Düzenlenen basın toplantısında Securitas Türkiye’nin enerji sektöründeki çalışmaları, teknoloji yatırımları ve yeni çözümleri hakkında bilgiler paylaşan Securitas Türkiye Enerji Segment Lideri Ünsal Kütaruk, milyon dolarlık yatırımları minimum güvenlik maliyetiyle korumanın mümkün olduğunu söylüyor.
Yapay zeka ile verileri bilgiye dönüştürerek ölçülebilir güvenlik
Securitas’ın enerji sektöründe global bir tecrübesi bulunduğunun altını çizen Kütaruk, “Sadece Türkiye’de değil, dünyada çok sayıda enerji santralini koruyoruz. Bu kapsamda topladığımız verileri analiz ederek öngörülebilir güvenlik çözümleri sunuyoruz. Örneğin belli günlerde, belli bölgelerde hırsızlık olayları artıyorsa, o döneme özgü ekstra güvenlik önlemleri alınabilir” diyor.
İnşaat ve işletme dönemlerinde farklı çözümler
Santrallerdeki ihtiyacın dönemsel, bölgesel ve daha birçok faktöre bağlı olarak farklılıklar gösterdiğine değinen Ünsal Kütaruk, “Enerji güvenliğinde güvenlik projeleri inşaat ve işletme olarak iki farklı yönden değerlendirilir. İnşaat döneminde en önemli risk hırsızlık olurken, işletme döneminde ağırlıklı olarak bölgeye izinsiz girilmesi ve projeye zarar verme üzerine odaklanılır. Bu konulara özel güvenlik çözümleri planlanır. Buna paralel olarak projelerde kullanılan sistemlerde değişir. İnşaat döneminde mobil ve ihtiyaca göre güneş enerjili kamera gibi çözümler kullanılırken, işletme döneminde hibrit çözümlere yönelmek daha efektif olur. Her proje diğerinden farklıdır, aynı ilçe içerisindeki iki santralin bile farklı güvenlik ihtiyaçları olabilir. Bu ihtiyaçlar belirlenirken, iklim, coğrafi konum, sosyal çevre, istihdam koşulları gibi pek çok etken dikkate alınır” ifadelerini kullanıyor.

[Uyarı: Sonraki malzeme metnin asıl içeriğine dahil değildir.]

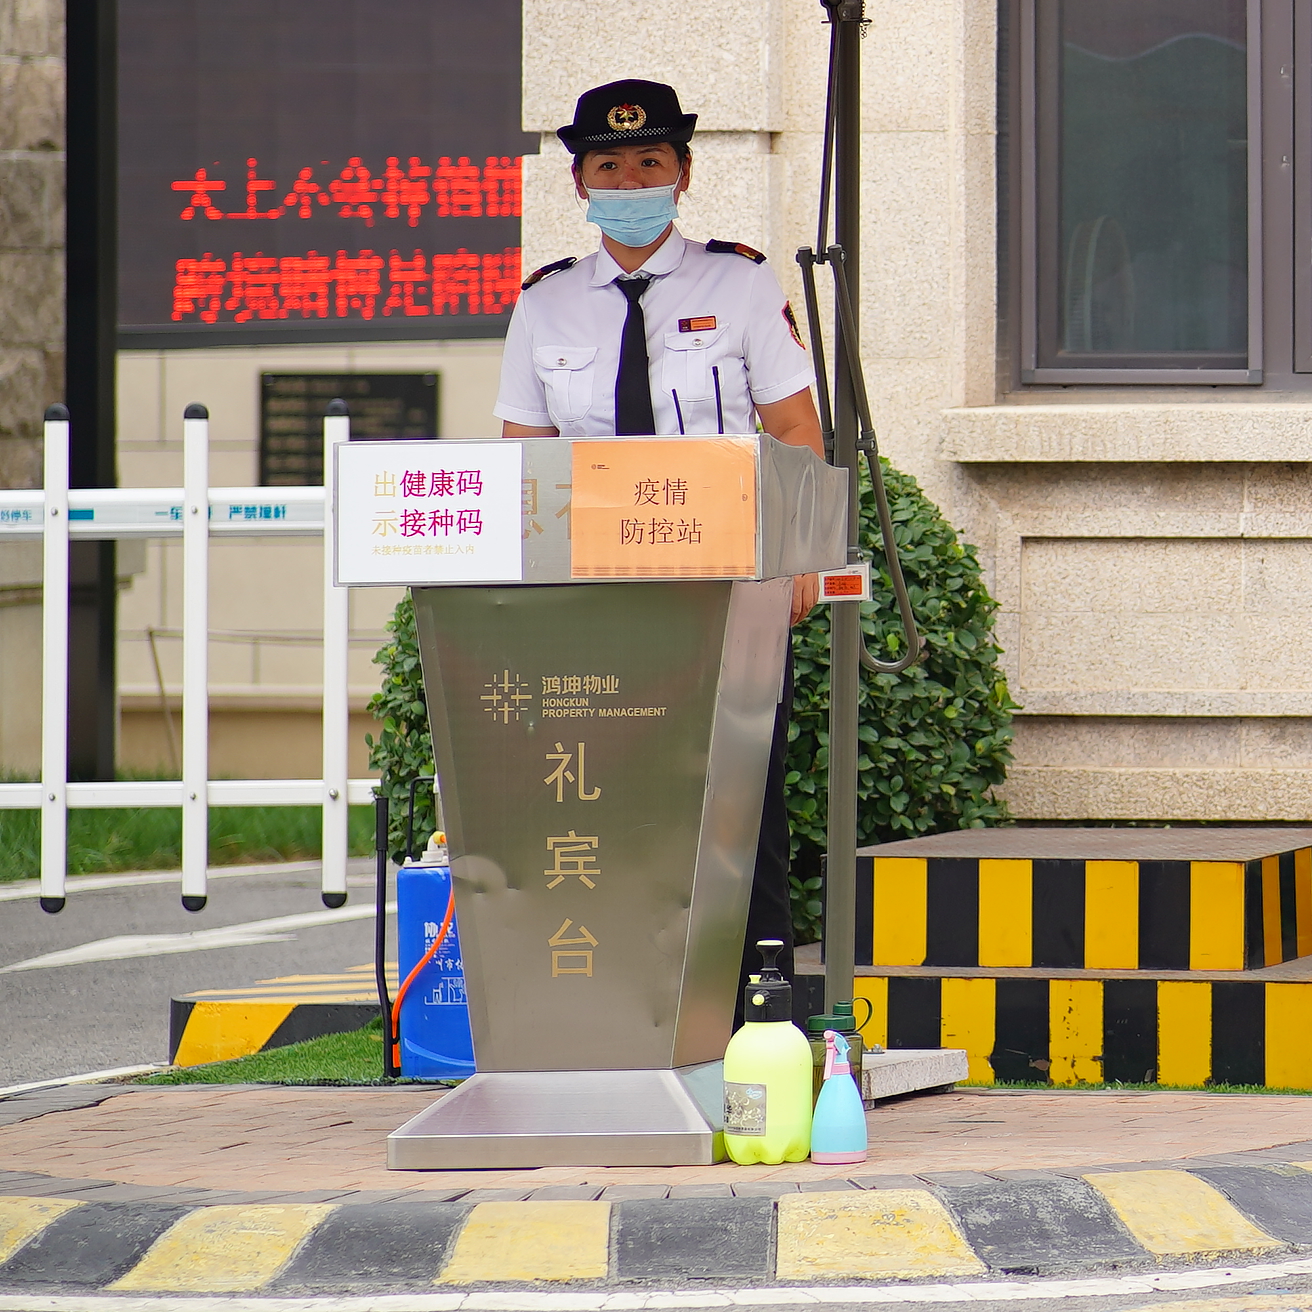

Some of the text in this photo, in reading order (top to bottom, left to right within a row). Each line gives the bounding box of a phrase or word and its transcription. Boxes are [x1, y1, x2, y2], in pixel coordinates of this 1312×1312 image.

En etkin güvenlik çözümleri için projeye inşaat aşamasındayken dahil olmak gerektiğine vurgu yapan Kütaruk, “Bu hem gereksiz teknoloji yatırımlarını engeller hem de etkin güvenlik sağlar. Özetle güvenlik hizmeti, proje planlanırken alınmalıdır. Henüz yatırım aşamasındayken yapılan risk analizine göre akıllı, video analiz özellikli kameraları, radar sistemlerini, alarm sistemlerini içeren hibrit güvenlik teknoloji yatırımı projelendirilebilir. Bunların yanı sıra santral montajı ile birlikte devreye alınarak uzaktan izleme merkezi tarafından 7/24 güvenliği sağlanan etkin bir güvenlik çözümü oluşturularak kontrol hizmetleri ile de güvenlik çözümü takip edilerek raporlamalar yapılabilir” açıklamasında bulunuyor.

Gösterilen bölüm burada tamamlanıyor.